Hepatitis C virus (HCV) infection is a growing problem in the United States and most patients remain undiagnosed. CDC guidelines from 2012 recommend one-time screening of everyone born from 1945-1965. The penetration of this guideline is relatively unknown and the literature reveals that most efforts for improvement are poorly sustained. The purpose of this study was to compare a Florida county health department’s screening practices to national guidelines. In addition, provider-level barriers to screening were assessed in order to develop tailored recommendations for improvement.

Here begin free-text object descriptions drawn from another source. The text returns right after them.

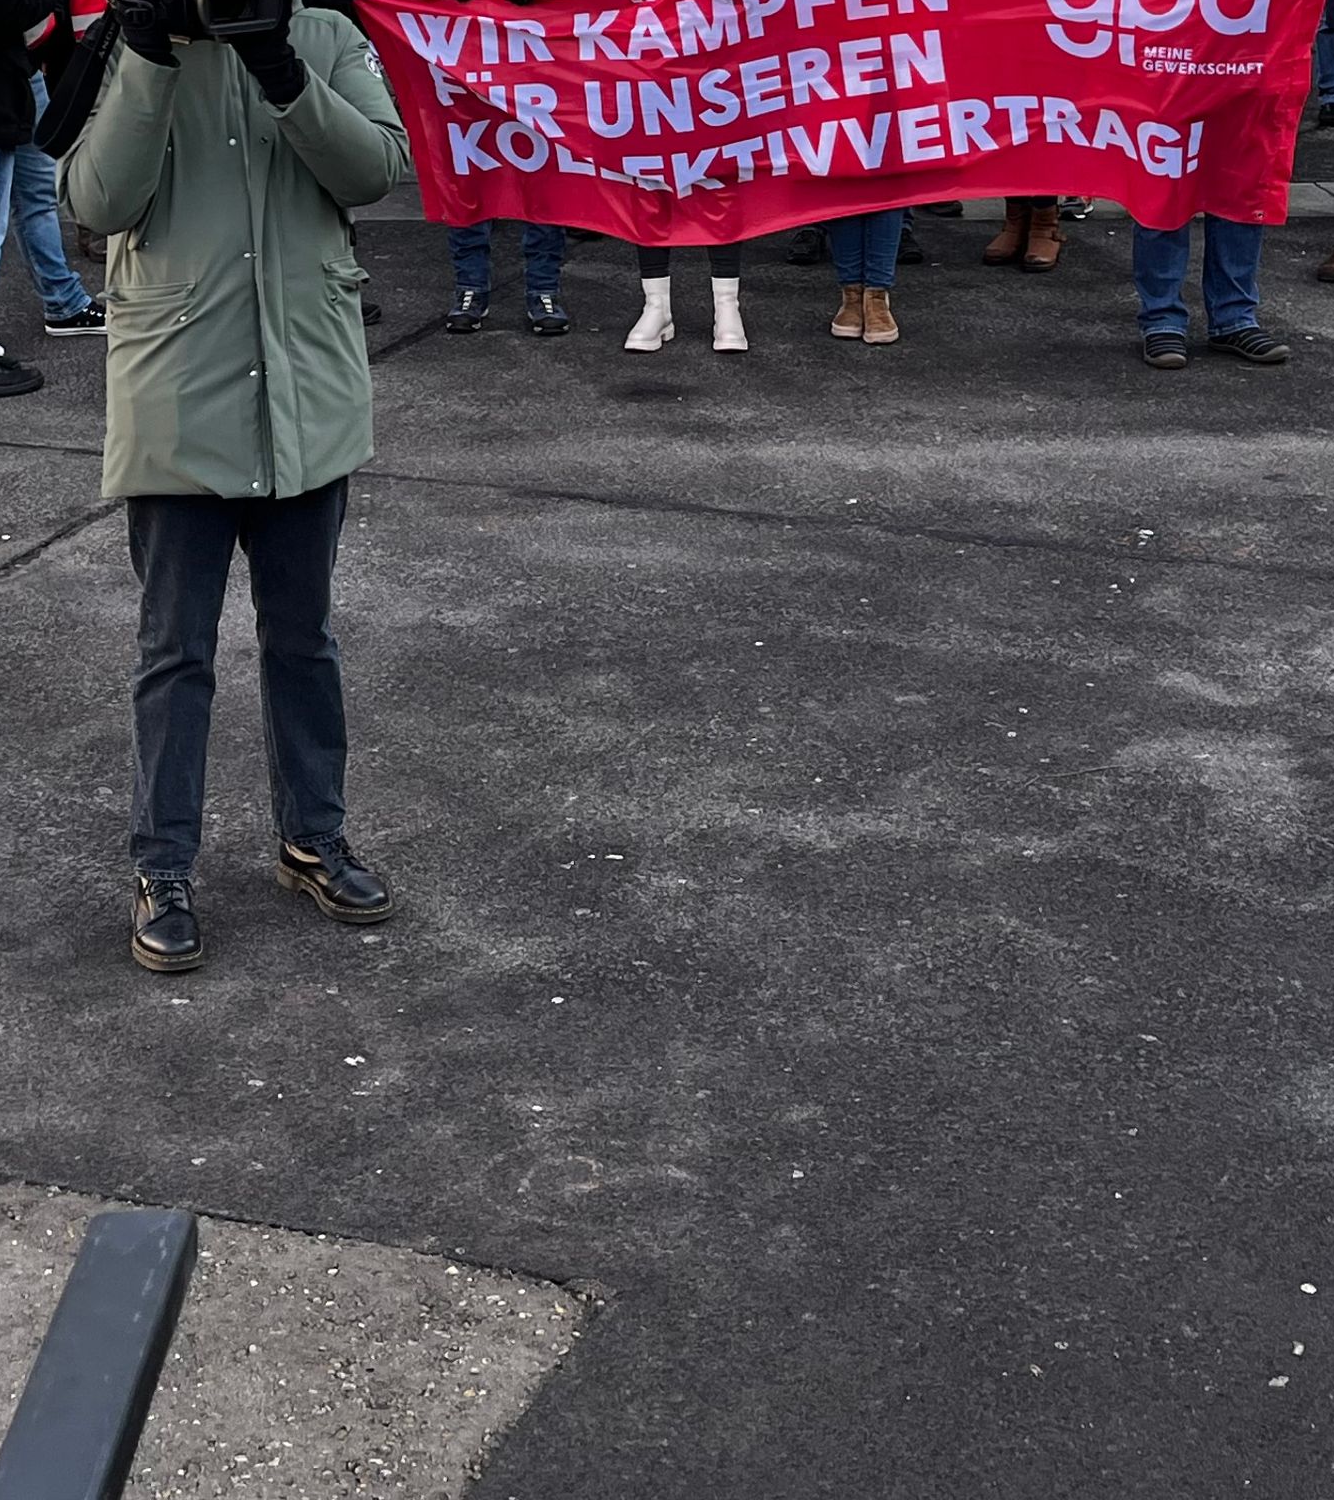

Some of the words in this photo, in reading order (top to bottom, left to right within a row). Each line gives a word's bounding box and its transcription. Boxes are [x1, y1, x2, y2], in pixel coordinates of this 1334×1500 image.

[397, 12, 555, 66] WIR
[1143, 46, 1193, 61] MEINE
[584, 29, 946, 139] UNSEREN
[1142, 58, 1264, 76] GEWERKSCHAFT
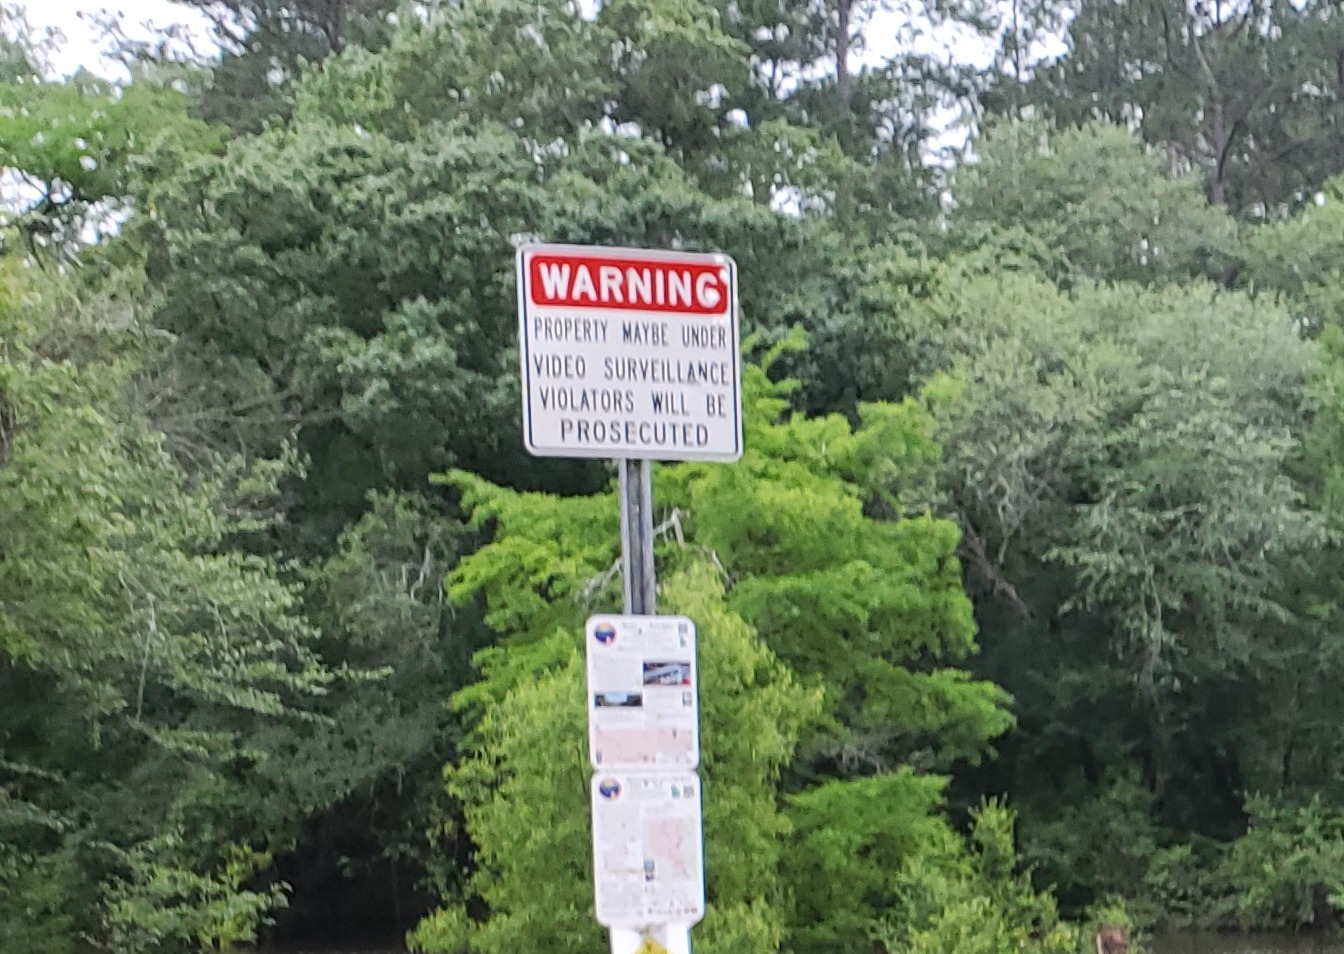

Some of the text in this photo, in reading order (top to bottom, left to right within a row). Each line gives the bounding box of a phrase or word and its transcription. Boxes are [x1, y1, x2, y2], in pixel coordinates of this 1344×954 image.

Using a serial cross-sectional design, data was examined to determine HCV screening prevalence for patients born from 1945-1965. Providers were also interviewed to identify barriers to screening. Results indicated HCV screening prevalence improved from 14.3% in 2011 to 25.9% in 2014 but remained well below the 100% birth cohort guideline. Notable barriers included provider confusion over and lack of familiarity with the guideline, an attitude that current practices were adequate, treatment cost concerns, and a perceived lack of referral sources. Other clinics likely have similar suboptimal screening. Health care clinics should assess their HCV screening rates, then evaluate provider-level knowledge, attitude, and external barriers in order to choose locally relevant strategies for sustainable improvement.
Blix, Andrew and Little, Barbara B.
"Hepatitis C Screening Practices in a Local County Health Department: A Gap Analysis,"
Florida Public Health Review: Vol. 15, Article 13.